Lord Bassam of Brighton: My Lords, the amendment seeks to tighten the prohibitions that can be imposed by a drinking banning order. The same amendment was proposed in Committee. Clause 1(3) states that prohibitions by such an order must include such prohibition as the court making it considers necessary on the subject entering licensed premises.
I recognise from our discussion of the amendment in Committee that the noble Lord was seeking to provide guidance to magistrates or the county court on the appropriateness of an order. His intention is to require the court to consider whether the terms of the order are appropriate.
Such a test before a prohibition could be included in an order is unnecessary, because if a prohibition were inappropriate it could not be necessary. I would expect the courts to consider in every case the appropriateness of an order and any proposed prohibition. The drinking banning order guidance that will be published to accompany the measure will make clear the circumstances in which certain prohibitions would be inappropriate. Some of the areas where prohibitions should not be proposed are already provided for in the Bill. I have also given a commitment to this House to include others in guidancefor example, prohibitions should not be imposed if they would prevent an individual taking his child to a place where he may receive medical treatment. Some of those issues were discussed along those lines at an earlier stage. Therefore, I believe that the amendment is unnecessary and I hope that the noble Lord will withdraw it.
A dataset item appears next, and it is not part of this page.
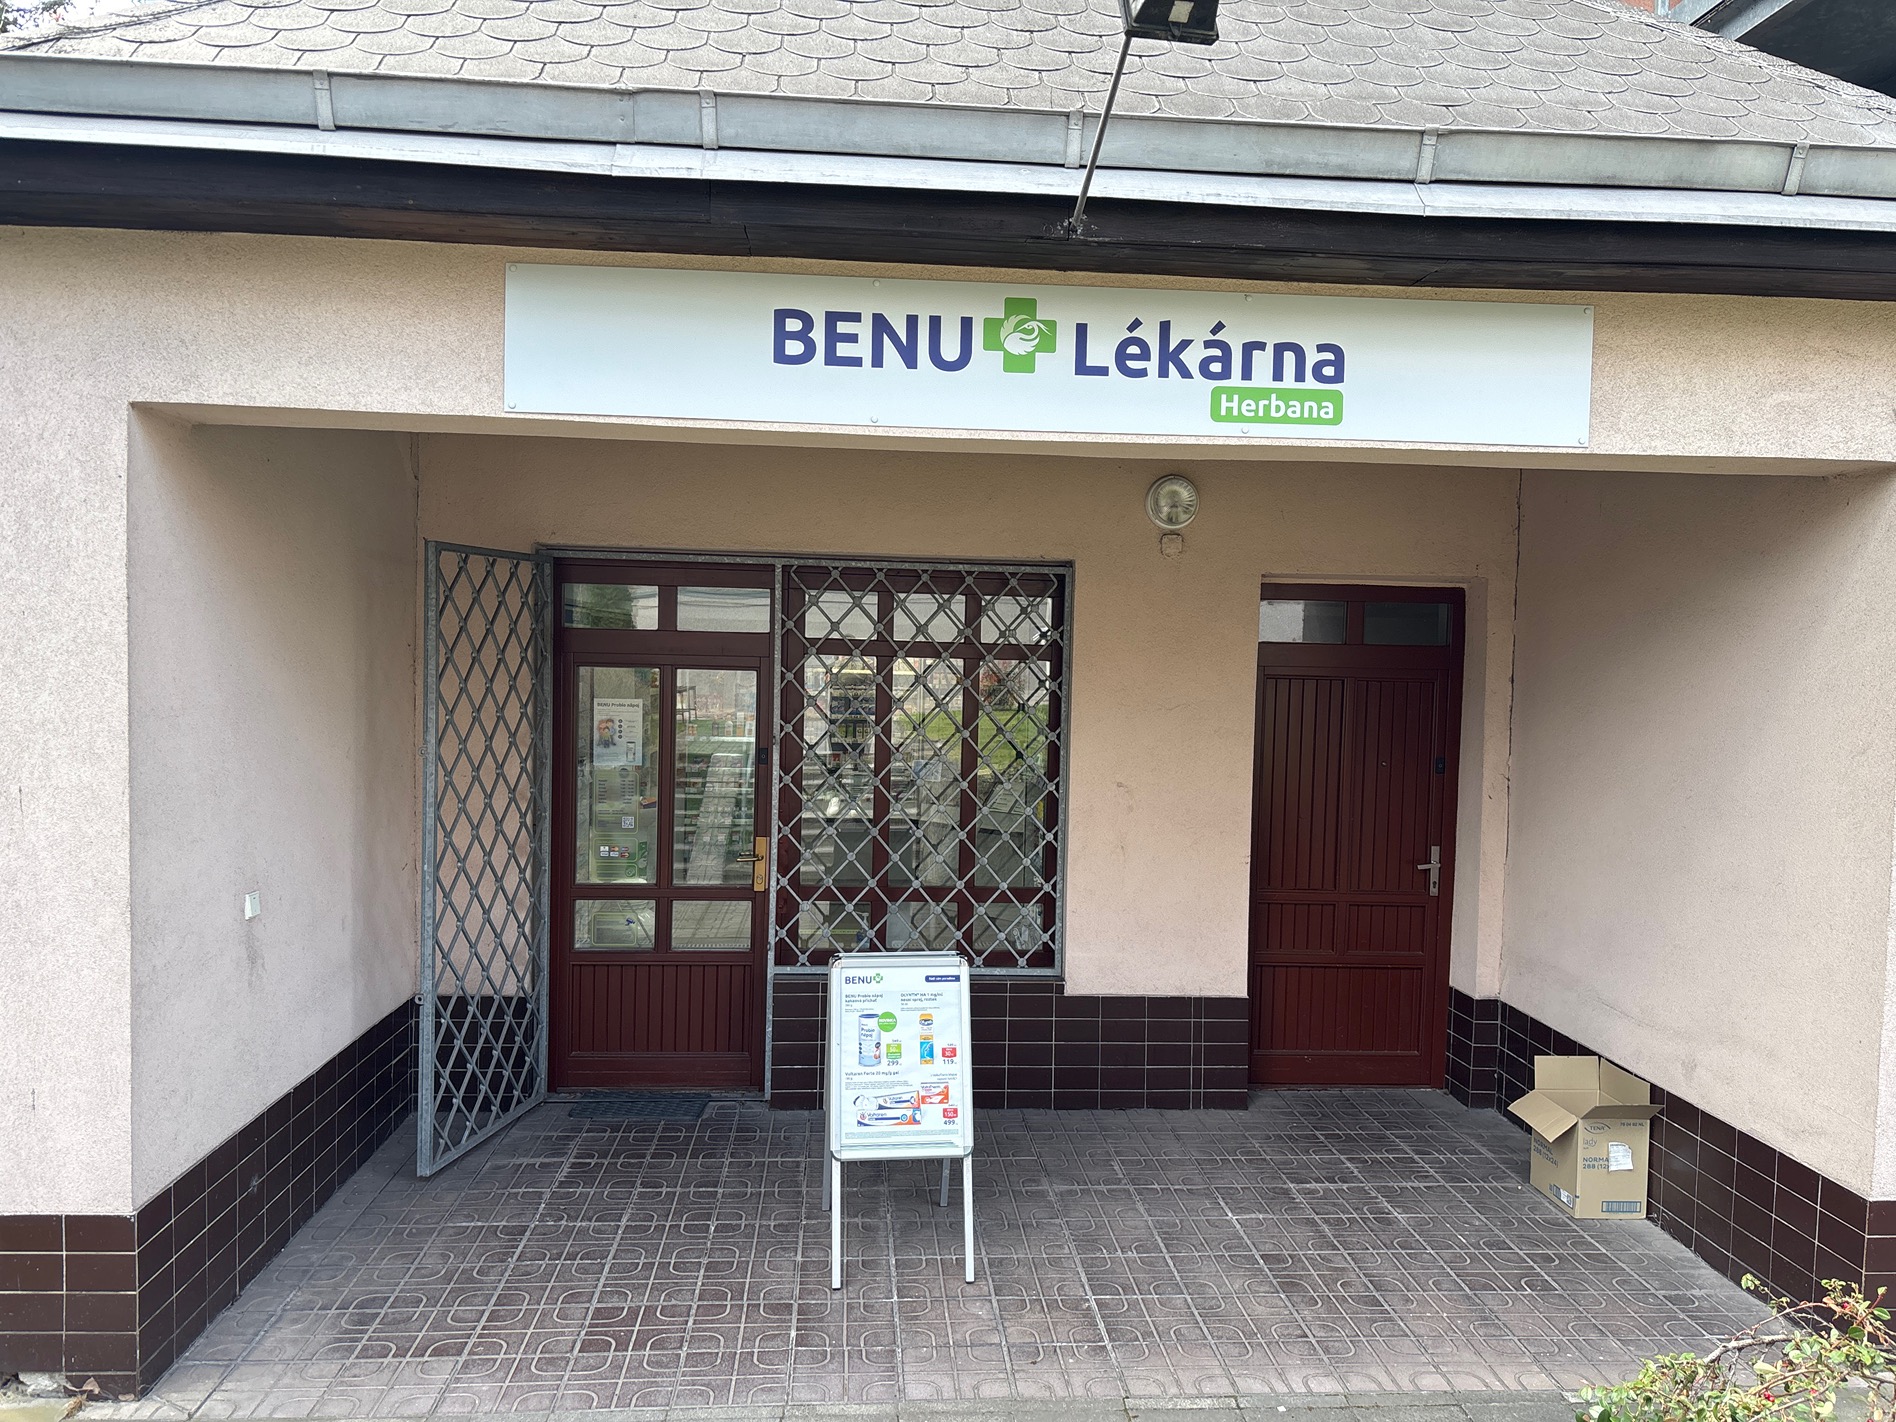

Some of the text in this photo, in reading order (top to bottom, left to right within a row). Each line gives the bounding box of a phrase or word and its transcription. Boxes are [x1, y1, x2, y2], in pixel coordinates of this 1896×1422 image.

Lord Thomas of Gresford: My Lords, I am glad to hear that guidance is to be given to magistrates and the county courts on the circumstances in which an order such as this would be made. In the light of that assurance, I beg leave to withdraw the amendment.
(4A) Before making a drinking banning order, a court must receive a report from an appropriate officer about the proposed subject of the order, which contains information about the subject and, in particular, about whether there is any reason to suspect that he may be-
(4C) If the court determines that the proposed subject of a drinking banning order may be a person falling within subsection (4A)(a) to (c), the court shall not make a drinking banning order unless satisfied, on receipt of medical evidence, that-
The noble Lord said: My Lords, this amendment was put forward in Committee. At that time, I understood that the Minister was somewhat favourable to the idea that, before making a drinking banning order, reports should be made to the decision-maker, whether the magistrates or the county court judge. I have repeated it in the hope that I might hear a little more from the Minister on this subject. Again, I look for an assurance that the need for reports will be contained in guidance. If I get that assurance, I shall not pursue this matter further. I beg to move.
The amendment would introduce further safeguards to the process of making a drinking banning order. It would mean that any court considering making an order must first receive a report from an appropriate person on the subjects mental and physical health and on whether he or she has any substance addictions. As the noble Lord said, we have discussed this amendment before, and I assure the House that the Government understand the terms in which it has been tabled. We have also considered the matter further, as I said we would and as the noble Lord alluded to, but we concluded that an amendment was unnecessary, and I shall expand on why we believe that to be the case.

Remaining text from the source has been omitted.